Grimsby (United Kingdom) (AFP) – The UK coastguard ended the search for a missing crew member after a cargo ship ran into a US-military chartered tanker carrying jet fuel in the North Sea on Monday. HM Coastguard rescued 36 crew members from the Stena Immaculate tanker and Solong container vessel, with one taken to hospital. “One crew member of the Solong remains unaccounted for; after an extensive search for the missing crew member, sadly they have not been found and the search has ended,” said Matthew Atkinson, Divisional Commander for HM Coastguard.
Images showed a huge plume of thick, black smoke and flames rising from the scene about 10 miles (16 kilometres) off the east England coast, sparking concerns of “multiple toxic hazards.” The Stena Immaculate tanker was “anchored off the North Sea coast near Hull…(and) was struck by the container ship Solong,” Crowley, the Stena’s US-based operators, said in a statement. The Stena was on a short-term US military charter with Military Sealift Command, according to Jillian Morris, the spokesperson for the command that operates civilian-crewed ships providing ocean transport for the US Defense Department.
Crowley said the impact of the collision “ruptured” the tanker “containing A1-jet fuel” and triggered a fire, with fuel “reported released.” It was carrying around 220,000 barrels of jet fuel while the Solong was carrying 15 containers of sodium cyanide, according to the Lloyd’s List information service, but it is not known if any of the flammable compound had leaked. The two vessels were still on fire 12 hours after the collision, said the coastguard. A spokesperson for UK Prime Minister Keir Starmer called the situation “extremely concerning.” All crew members aboard the Stena Immaculate were confirmed to be alive, a spokeswoman for the tanker’s Swedish owner, Stena Bulk, told AFP.
A spokesman for the government’s Marine Accident Investigation Branch spokesperson said, “Our team of inspectors and support staff are gathering evidence and undertaking a preliminary assessment of the accident to determine our next steps.” Ivor Vince, founder of ASK Consultants, an environmental risk advisory group, told AFP that “the good news is it’s not persistent; it’s not like a crude oil spill.” “Most of it will evaporate quite quickly and what doesn’t evaporate will be degraded by microorganisms quite quickly,” he added, though warning that “it will kill fish and other creatures.”

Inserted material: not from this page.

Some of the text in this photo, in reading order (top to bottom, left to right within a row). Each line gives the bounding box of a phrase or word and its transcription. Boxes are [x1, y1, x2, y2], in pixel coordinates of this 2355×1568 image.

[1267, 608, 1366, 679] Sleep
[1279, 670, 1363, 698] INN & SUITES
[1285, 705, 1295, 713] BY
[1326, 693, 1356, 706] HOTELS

Paul Johnston, a senior scientist at the Greenpeace Research Laboratories at Exeter University, said, “We are extremely concerned about the multiple toxic hazards these chemicals could pose to marine life.” The jet fuel entered the water close to a breeding ground for harbour porpoises; sodium cyanide is “a highly toxic chemical that could cause serious harm,” he added.

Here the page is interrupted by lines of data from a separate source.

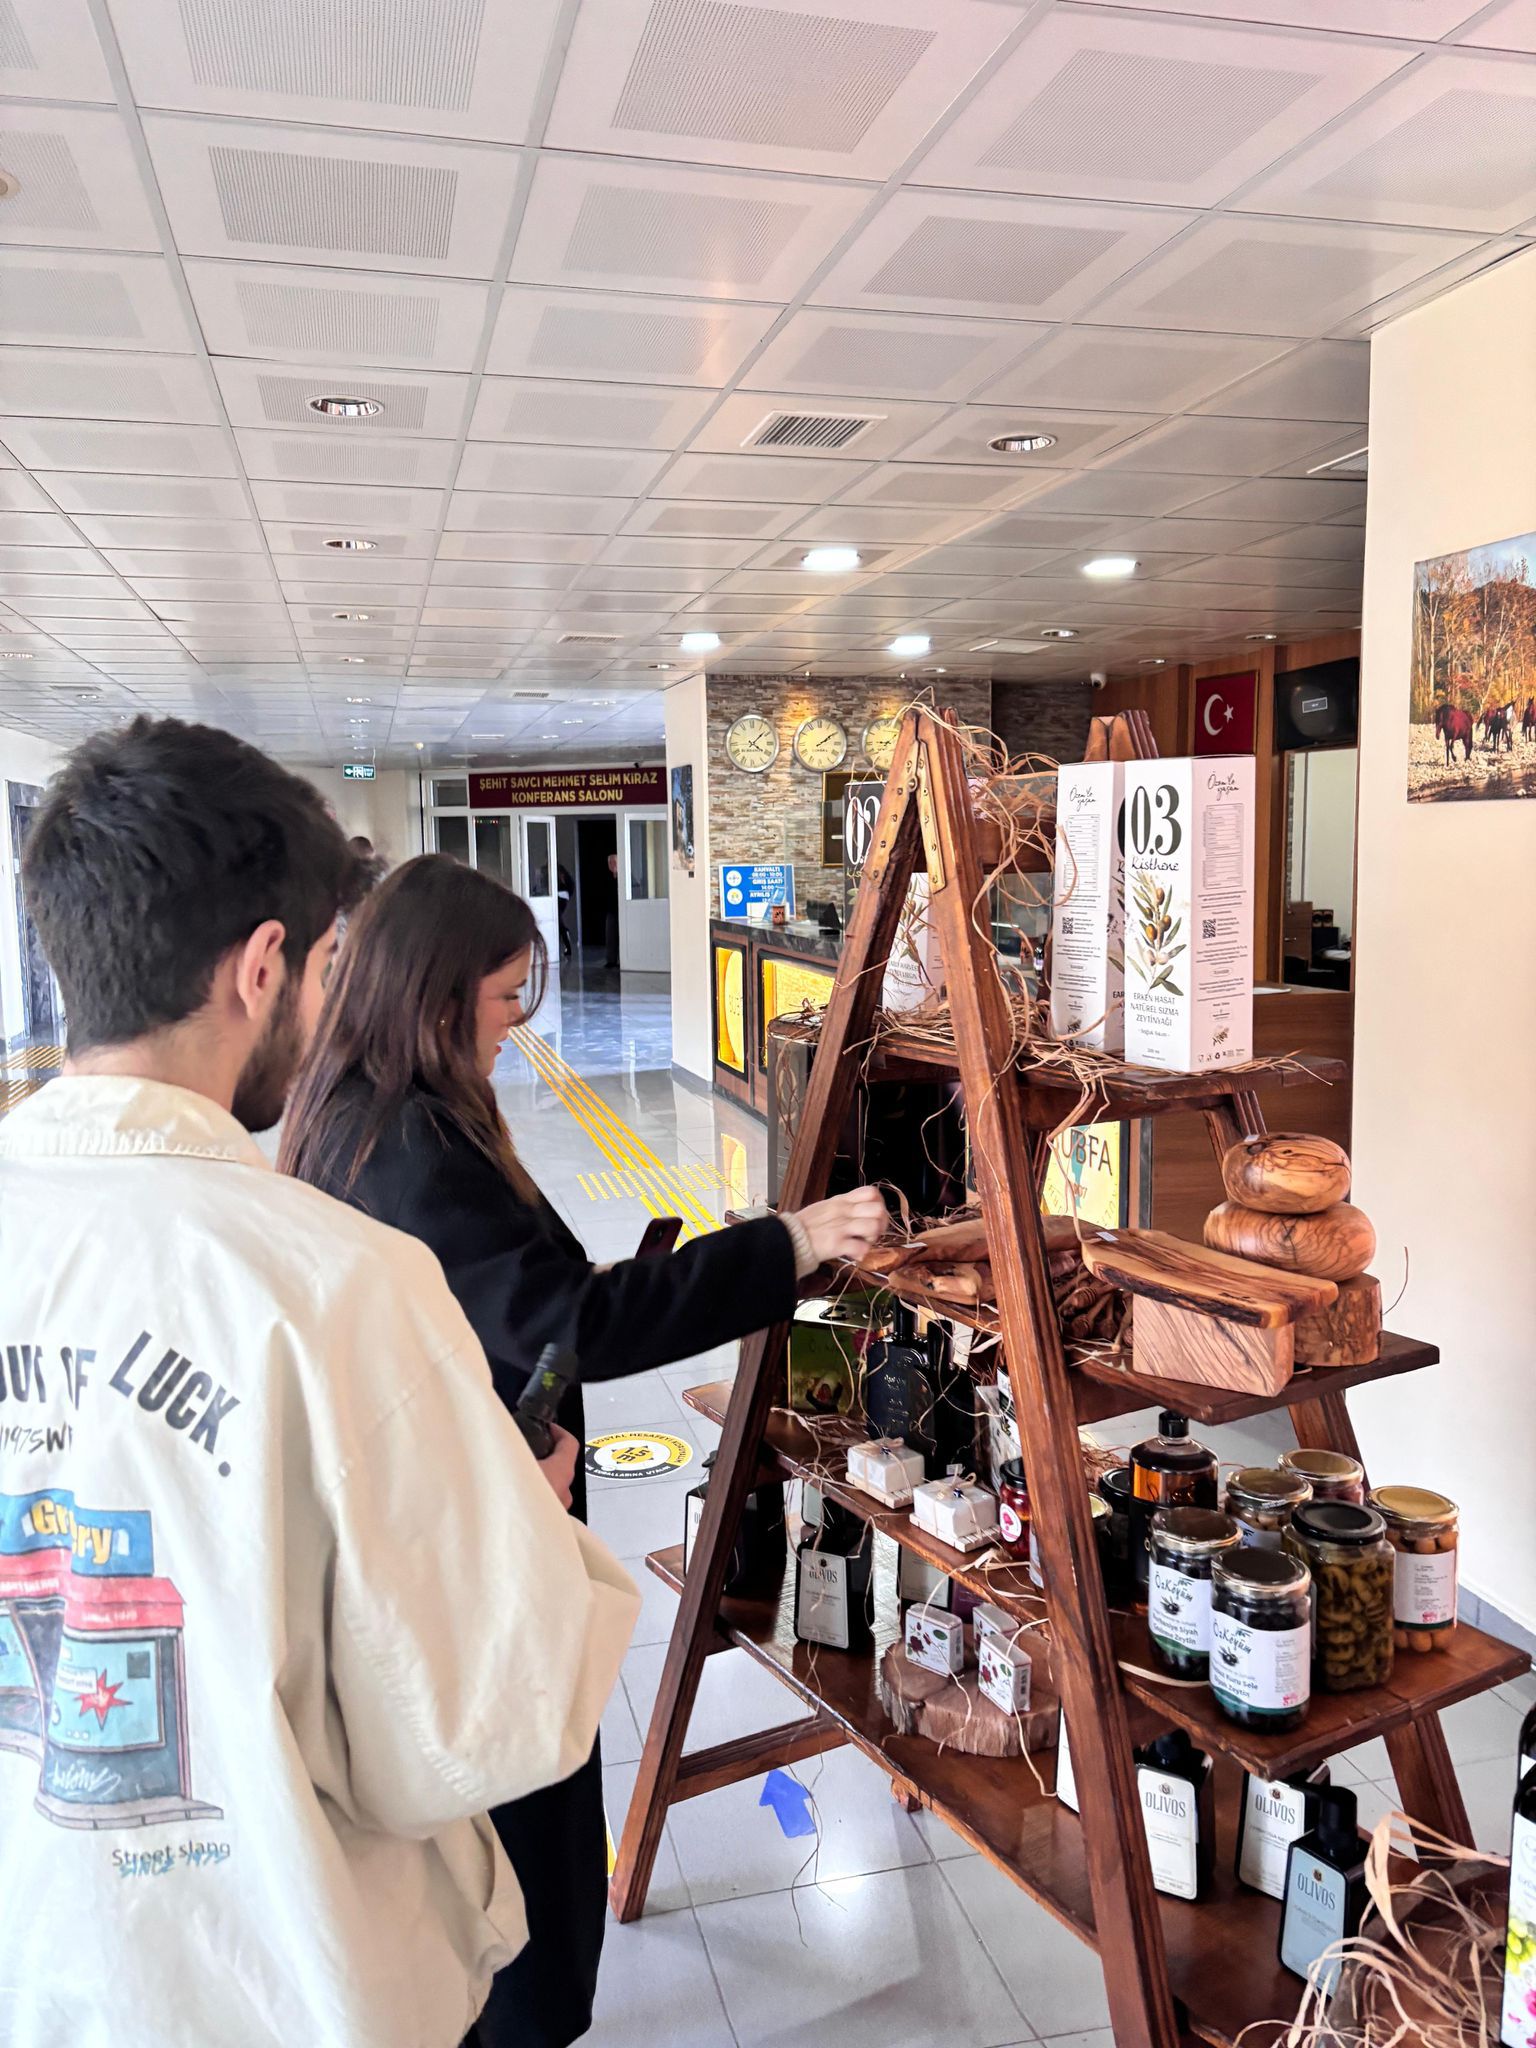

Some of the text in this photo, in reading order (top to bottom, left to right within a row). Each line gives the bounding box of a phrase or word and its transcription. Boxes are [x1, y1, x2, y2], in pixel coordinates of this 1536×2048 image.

[510, 776, 541, 789] SAVCI
[543, 774, 587, 788] MEHMET
[589, 773, 621, 786] SELİM
[622, 771, 658, 785] KİRAZ
[511, 789, 623, 804] KONFERANS SALONU
[1131, 784, 1182, 856] 0.3
[624, 1446, 651, 1457] 1.5
[1145, 1791, 1187, 1818] OLIVOS
[1255, 1793, 1296, 1825] OLIVOS
[1297, 1872, 1336, 1911] OLIVOS

All vessel movements were “suspended” in the Humber estuary that flows into the North Sea, according to Associated British Ports (ABP), which operates in the Ports of Hull and Immingham in the region. The German Central Command for Maritime Emergencies said it was also dispatching a vessel capable of fire fighting and oil recovery. The alarm about the crash near the port city of Hull in East Yorkshire was raised at 0948 GMT. A coastguard helicopter, a plane, lifeboats from four towns, and other nearby vessels were part of the large rescue operation, UK Coastguard said.
Grimsby native Paul Lancaster, a former seaman, told AFP that “I don’t understand how two ships that big could collide.” “There must have been a massive engineering problem,” he said outside a pub in Grimsby.
Collisions remain rare in the busy North Sea. In October 2023, two cargo ships, the Verity and the Polesie, collided near Germany’s Heligoland islands in the North Sea. Three people were killed and two others are still missing and considered dead. In October 2015, the Flinterstar freighter, carrying 125 tonnes of diesel and 427 tonnes of fuel oil, sank after colliding with the Al Oraiq tanker eight kilometres (five miles) off the Belgian coast.